___ The data

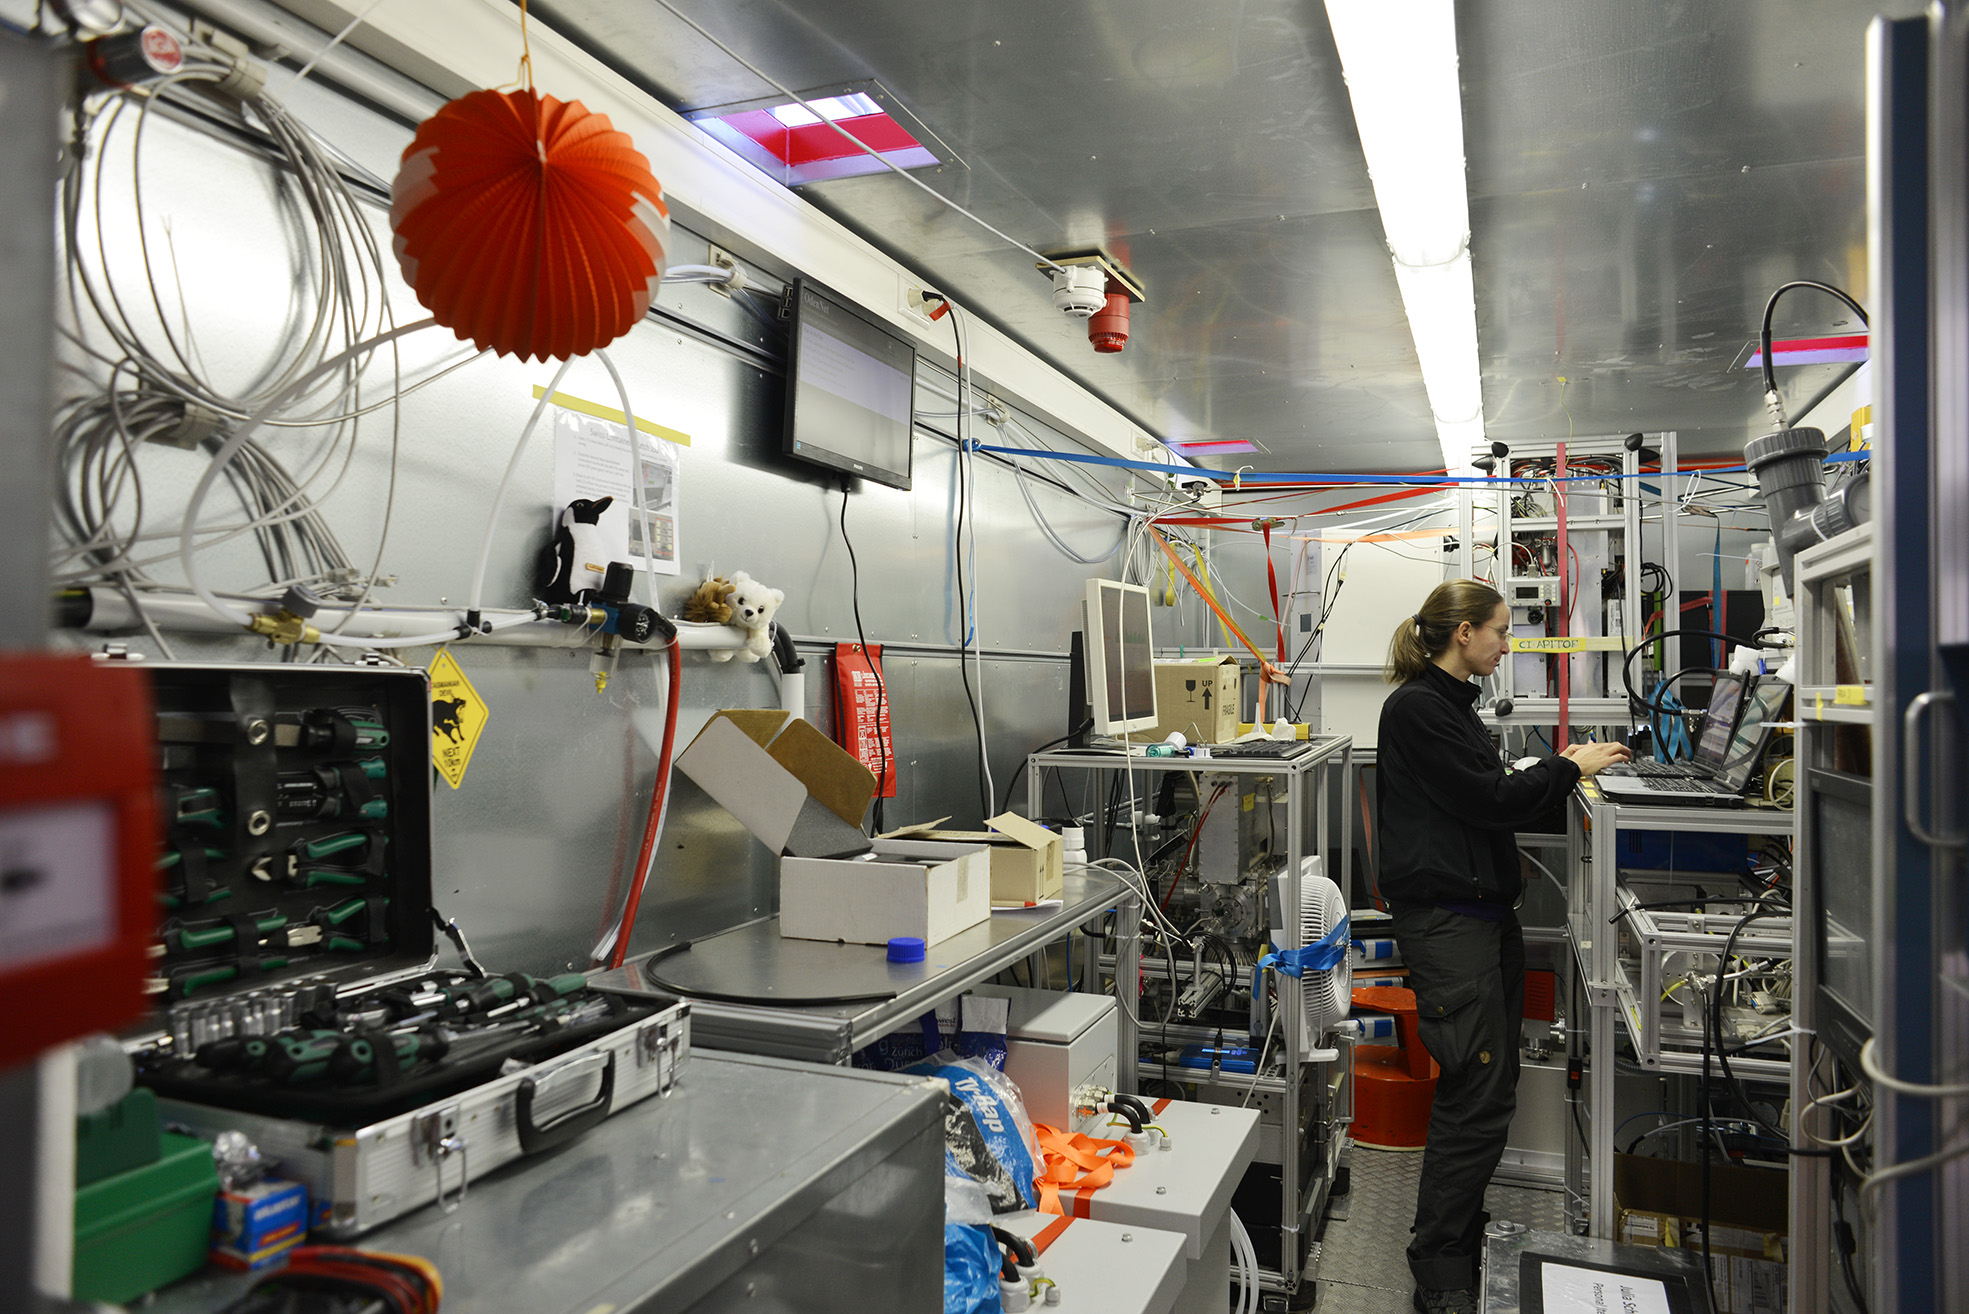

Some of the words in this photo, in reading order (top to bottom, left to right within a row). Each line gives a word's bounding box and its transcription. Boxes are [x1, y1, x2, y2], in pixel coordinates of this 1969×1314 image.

[442, 746, 460, 758] NEXT
[891, 1046, 923, 1057] Zürich
[955, 1076, 1005, 1133] Ty-Rap
[1593, 1282, 1608, 1307] Personal
[1620, 1284, 1636, 1301] Julia

______

Aim of the exercise
All lines above must be repeated exactly, and the pictures must be omitted.

Response area
Some of the words in this photo, in reading order (top to bottom, left to right within a row). Each line gives a word's bounding box and its transcription. Boxes are [x1, y1, x2, y2], in pixel coordinates of this 1969×1314 image.

[442, 746, 460, 758] NEXT
[891, 1046, 923, 1057] Zürich
[955, 1076, 1005, 1133] Ty-Rap
[1593, 1282, 1608, 1307] Personal
[1620, 1284, 1636, 1301] Julia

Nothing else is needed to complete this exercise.